— Saved entries —
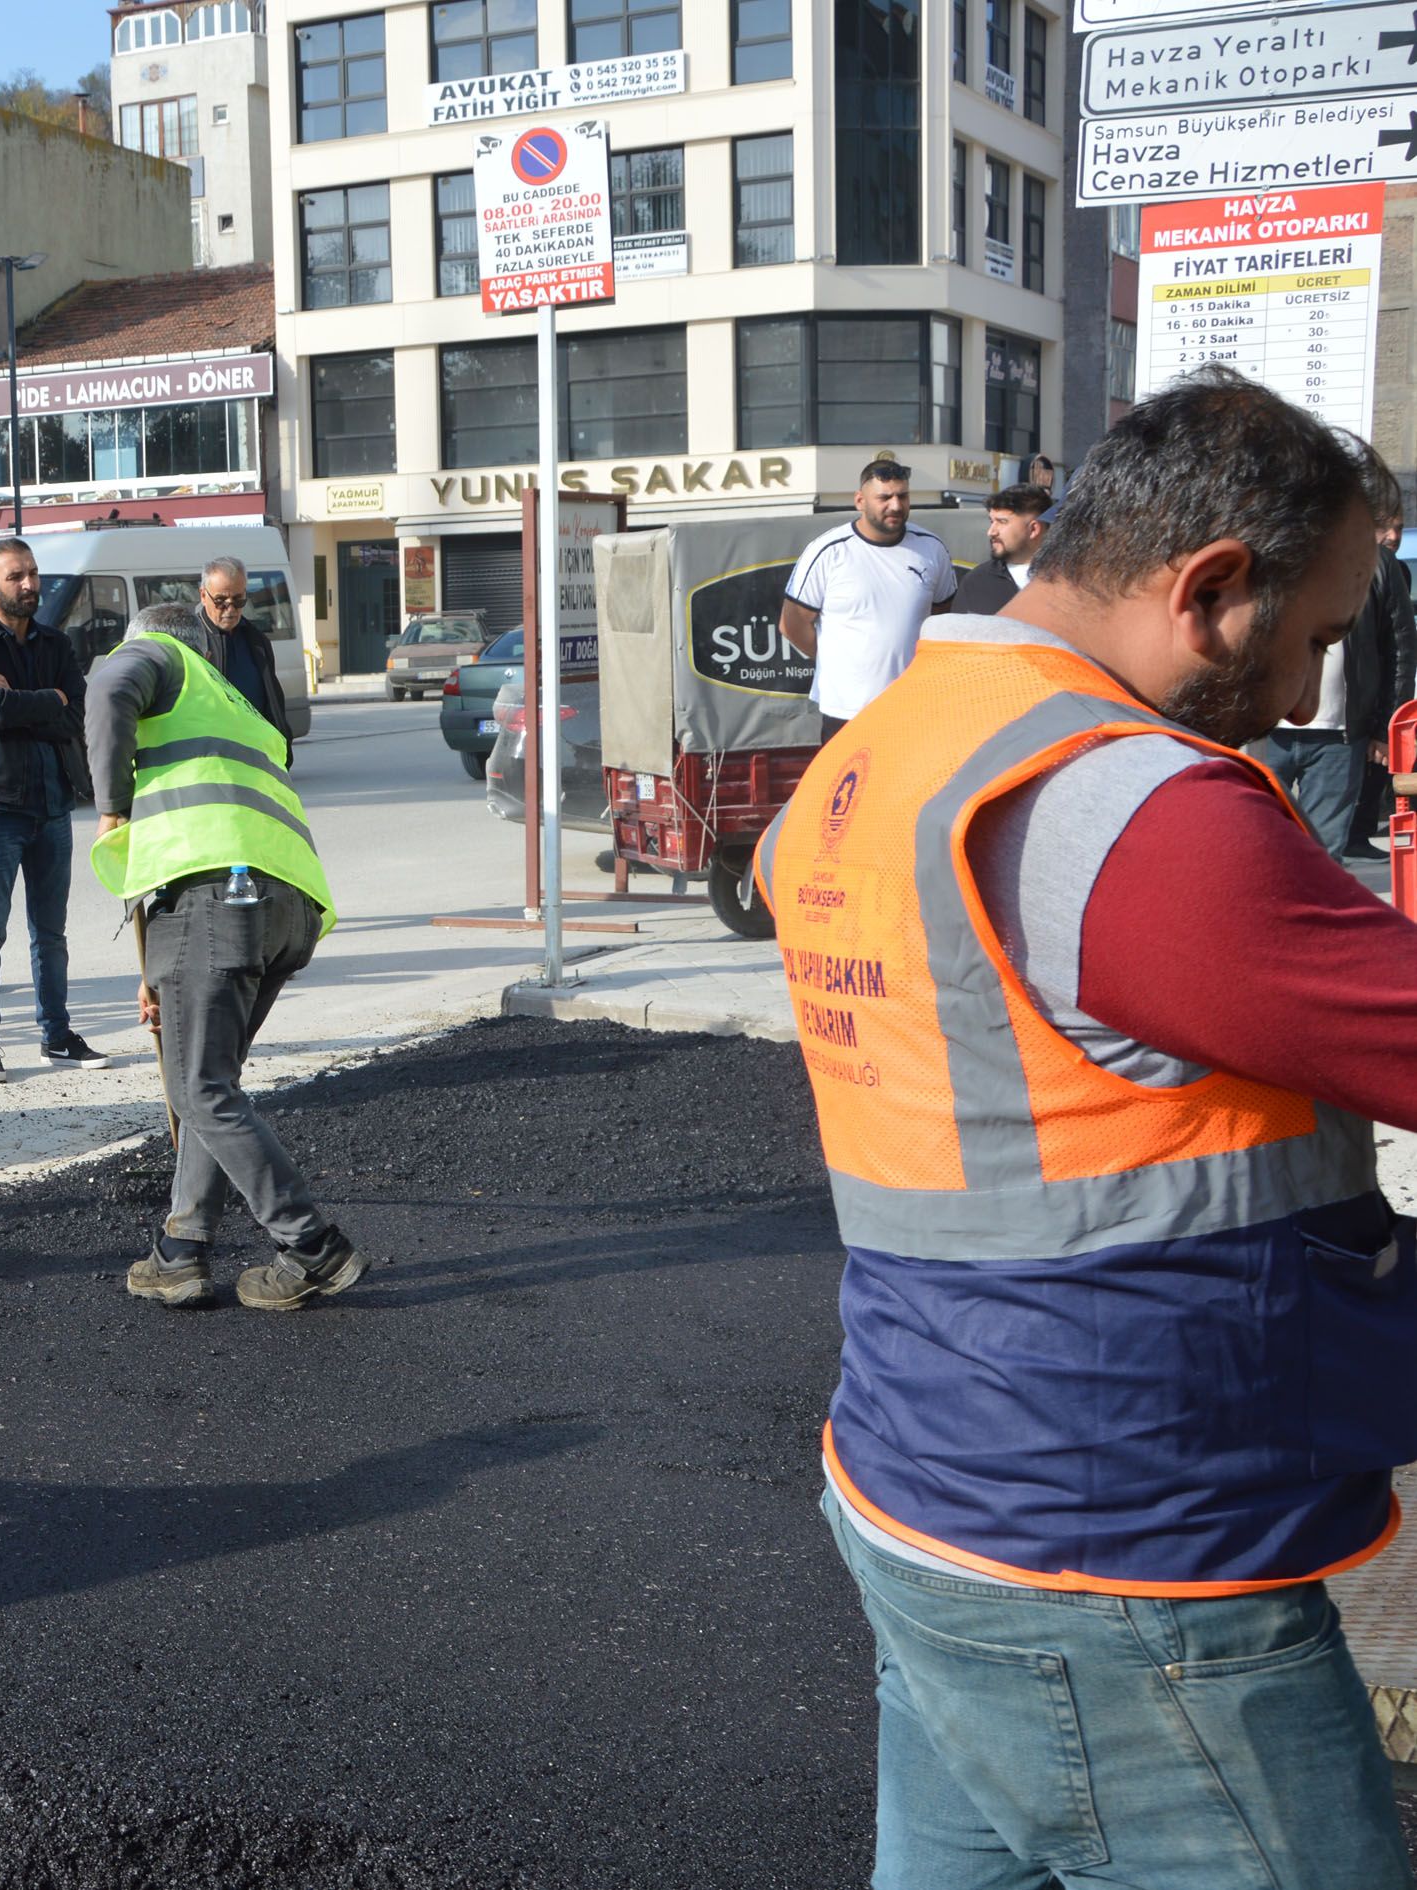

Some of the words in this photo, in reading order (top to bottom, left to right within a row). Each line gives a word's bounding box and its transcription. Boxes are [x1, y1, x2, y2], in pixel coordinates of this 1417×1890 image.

[1108, 43, 1201, 68] Havza
[1214, 28, 1325, 57] Yeraltı
[586, 67, 593, 76] 0
[597, 64, 617, 76] 545
[620, 60, 641, 72] 320
[645, 58, 659, 69] 35
[663, 56, 677, 66] 55
[1106, 70, 1228, 99] Mekanik
[1239, 57, 1371, 87] Otoparkı
[439, 71, 554, 101] AVUKAT
[587, 80, 594, 90] 0
[598, 77, 618, 90] 542
[622, 74, 642, 86] 792
[646, 72, 660, 82] 90
[663, 69, 677, 80] 29
[433, 97, 495, 122] FATİH
[503, 90, 562, 114] YİĞİT
[1094, 123, 1168, 140] Samsun
[1178, 112, 1286, 136] Büyükşehir
[1295, 102, 1395, 126] Belediyesi
[1093, 142, 1180, 166] Havza
[1091, 168, 1199, 192] Cenaze
[1209, 152, 1374, 186] Hizmetleri
[502, 192, 520, 204] BU
[523, 183, 580, 201] CADDEDE
[1224, 195, 1297, 217] HAVZA
[483, 204, 533, 221] 08.00
[551, 192, 602, 210] 20.00
[495, 233, 521, 246] TEK
[533, 222, 594, 242] SEFERDE
[1154, 220, 1252, 248] MEKANİK
[1259, 212, 1368, 238] OTOPARKI
[495, 246, 510, 258] 40
[496, 260, 534, 274] FAZLA
[538, 250, 595, 270] SÜREYLE
[1174, 255, 1228, 278] FİYAT
[1234, 243, 1352, 272] TARİFELERİ
[489, 276, 522, 292] ARAÇ
[525, 271, 558, 286] PARK
[560, 266, 604, 282] ETMEK
[1166, 286, 1212, 299] ZAMAN
[1216, 281, 1256, 296] DİLİMİ
[1296, 275, 1341, 288] ÜCRET
[490, 280, 605, 310] YASAKTIR
[1170, 304, 1178, 314] 0
[1190, 302, 1204, 312] 15
[1208, 298, 1250, 312] Dakika
[1285, 290, 1350, 305] ÜCRETSİZ
[1166, 320, 1182, 330] 16
[1192, 318, 1207, 329] 60
[1210, 315, 1254, 327] Dakika
[1180, 336, 1186, 346] 1
[1198, 334, 1206, 344] 2
[1209, 333, 1238, 344] Saat
[1179, 352, 1186, 362] 2
[1198, 351, 1206, 361] 3
[1209, 350, 1238, 361] Saat
[66, 374, 170, 406] LAHMACUN
[188, 362, 255, 396] DÖNER
[740, 667, 776, 681] Düğün
[825, 955, 886, 998] BAKIM
[812, 1005, 858, 1048] ONARIM
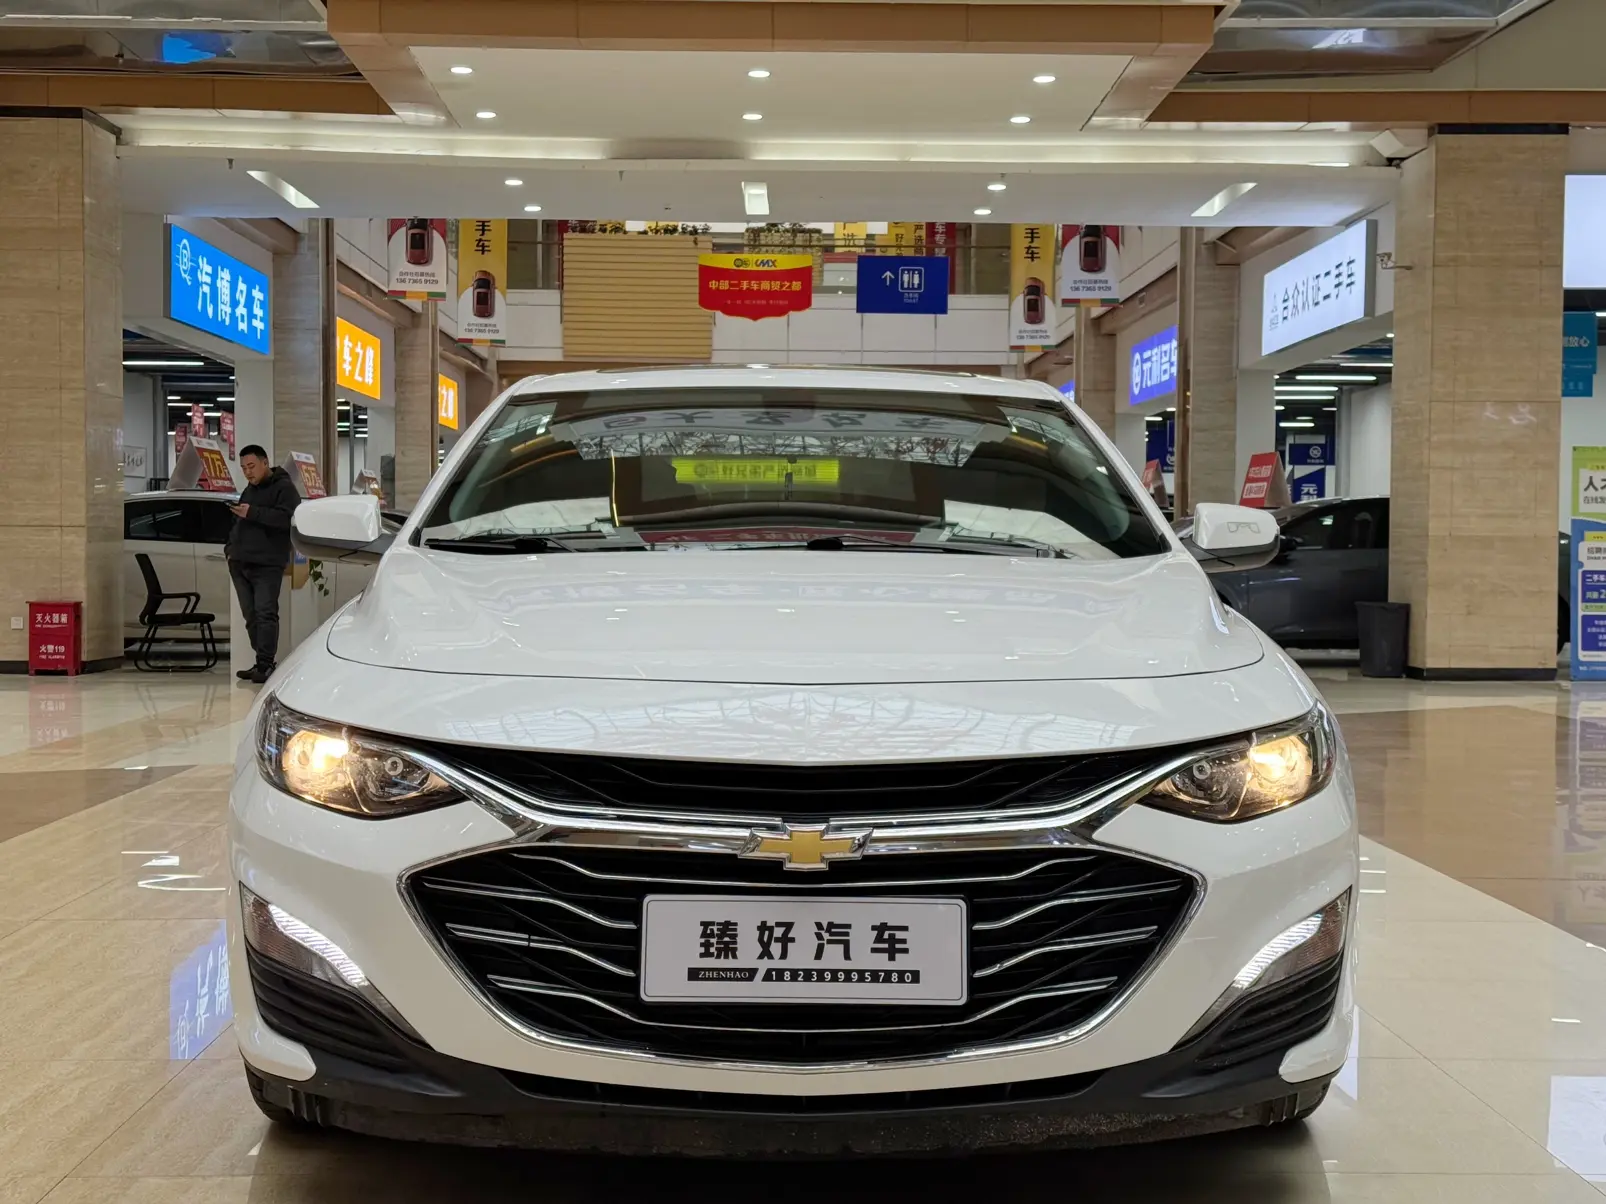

— Task prompt —
Could you copy every record above exactly, leaving out the pictures?

— Output for this task —
Some of the words in this photo, in reading order (top to bottom, left to right within a row). Each line gives a word's bounding box and its transcription. Boxes are [x1, y1, x2, y2], in pixel coordinates of this 1417×1890 image.

[1108, 43, 1201, 68] Havza
[1214, 28, 1325, 57] Yeraltı
[586, 67, 593, 76] 0
[597, 64, 617, 76] 545
[620, 60, 641, 72] 320
[645, 58, 659, 69] 35
[663, 56, 677, 66] 55
[1106, 70, 1228, 99] Mekanik
[1239, 57, 1371, 87] Otoparkı
[439, 71, 554, 101] AVUKAT
[587, 80, 594, 90] 0
[598, 77, 618, 90] 542
[622, 74, 642, 86] 792
[646, 72, 660, 82] 90
[663, 69, 677, 80] 29
[433, 97, 495, 122] FATİH
[503, 90, 562, 114] YİĞİT
[1094, 123, 1168, 140] Samsun
[1178, 112, 1286, 136] Büyükşehir
[1295, 102, 1395, 126] Belediyesi
[1093, 142, 1180, 166] Havza
[1091, 168, 1199, 192] Cenaze
[1209, 152, 1374, 186] Hizmetleri
[502, 192, 520, 204] BU
[523, 183, 580, 201] CADDEDE
[1224, 195, 1297, 217] HAVZA
[483, 204, 533, 221] 08.00
[551, 192, 602, 210] 20.00
[495, 233, 521, 246] TEK
[533, 222, 594, 242] SEFERDE
[1154, 220, 1252, 248] MEKANİK
[1259, 212, 1368, 238] OTOPARKI
[495, 246, 510, 258] 40
[496, 260, 534, 274] FAZLA
[538, 250, 595, 270] SÜREYLE
[1174, 255, 1228, 278] FİYAT
[1234, 243, 1352, 272] TARİFELERİ
[489, 276, 522, 292] ARAÇ
[525, 271, 558, 286] PARK
[560, 266, 604, 282] ETMEK
[1166, 286, 1212, 299] ZAMAN
[1216, 281, 1256, 296] DİLİMİ
[1296, 275, 1341, 288] ÜCRET
[490, 280, 605, 310] YASAKTIR
[1170, 304, 1178, 314] 0
[1190, 302, 1204, 312] 15
[1208, 298, 1250, 312] Dakika
[1285, 290, 1350, 305] ÜCRETSİZ
[1166, 320, 1182, 330] 16
[1192, 318, 1207, 329] 60
[1210, 315, 1254, 327] Dakika
[1180, 336, 1186, 346] 1
[1198, 334, 1206, 344] 2
[1209, 333, 1238, 344] Saat
[1179, 352, 1186, 362] 2
[1198, 351, 1206, 361] 3
[1209, 350, 1238, 361] Saat
[66, 374, 170, 406] LAHMACUN
[188, 362, 255, 396] DÖNER
[740, 667, 776, 681] Düğün
[825, 955, 886, 998] BAKIM
[812, 1005, 858, 1048] ONARIM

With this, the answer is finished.